I got a great deal on my bike but...it had been wrecked. It was missing hardware and mirrors, and had cracked, broken, and missing plastics, etc. One of the things it had, and still has, is a bent front wheel. I've looked for someone to straighten it but the only one I could find said they didn't repair motorcycle wheels. I have also looked at buying a used wheel, but I'm worried about getting a wheel that's no better than the one I have. So, I'm reaching out to you folks for advice...

 

Fix or replace? Who to contact about fixing? Where/who to contact about buying a replacement?
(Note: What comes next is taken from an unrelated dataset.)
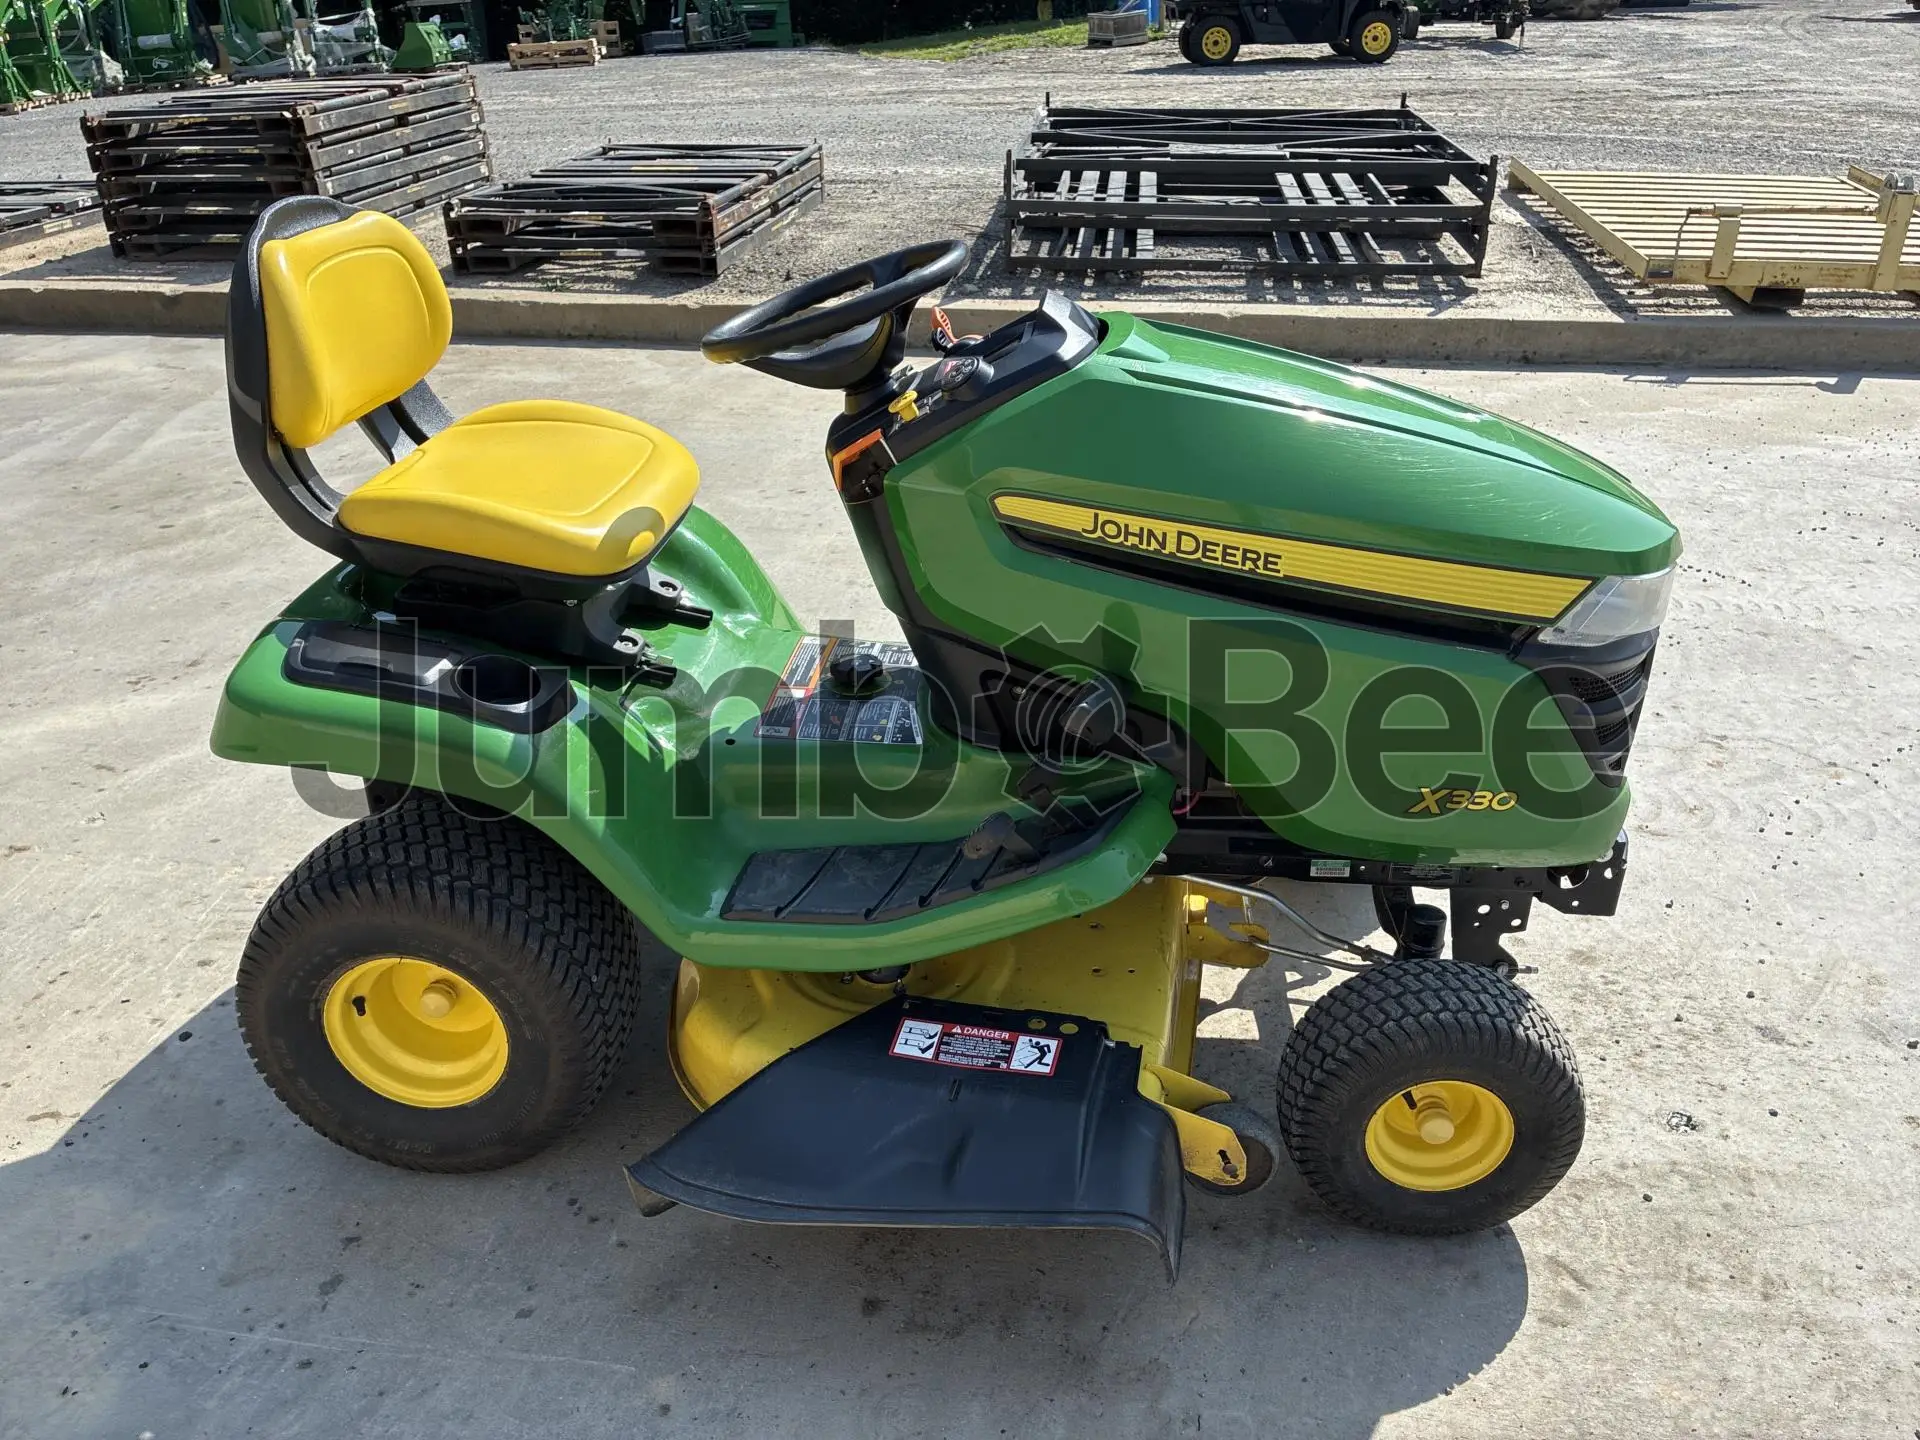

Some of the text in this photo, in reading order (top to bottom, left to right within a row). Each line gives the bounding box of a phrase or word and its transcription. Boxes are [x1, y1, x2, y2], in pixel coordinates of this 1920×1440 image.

Anyone on here have one for sale?

 

2000 VFR800... Not the fastest, not the best handling, not the most comfortable, and yet, such an awesome combination of all three.

 

Front wheels from 1998 through 2009 (in the US) are the same, so one from any of those years will work.   I bought a second set of wheels off Ebay (one at a time) and the front wheel I got had blemished paint (like some sort of solvent had been spilled on it that ruined the paint) but was otherwise perfect and came with a set of ABS rotors.  I got if for $80, so deals can be had.  But you are correct - ebay ads will say the wheel is "straight", but when you get it it wobbles or has other problems - in some ways it's the luck of the draw.  I doubt most sellers actually put the wheel on a stand or mount it and watch it rotate to check for "straight".    Look for a seller with lots of sales, good rep and easy return policy - ask plenty of questions and for more photos if needed.  That's about all you can do. 

 

Also, since the wheel had an unknown history, I replaced the wheel bearings.  No telling if it had seen 5,000 miles or 50,000, so all things considered it seemed like a good idea to replace them.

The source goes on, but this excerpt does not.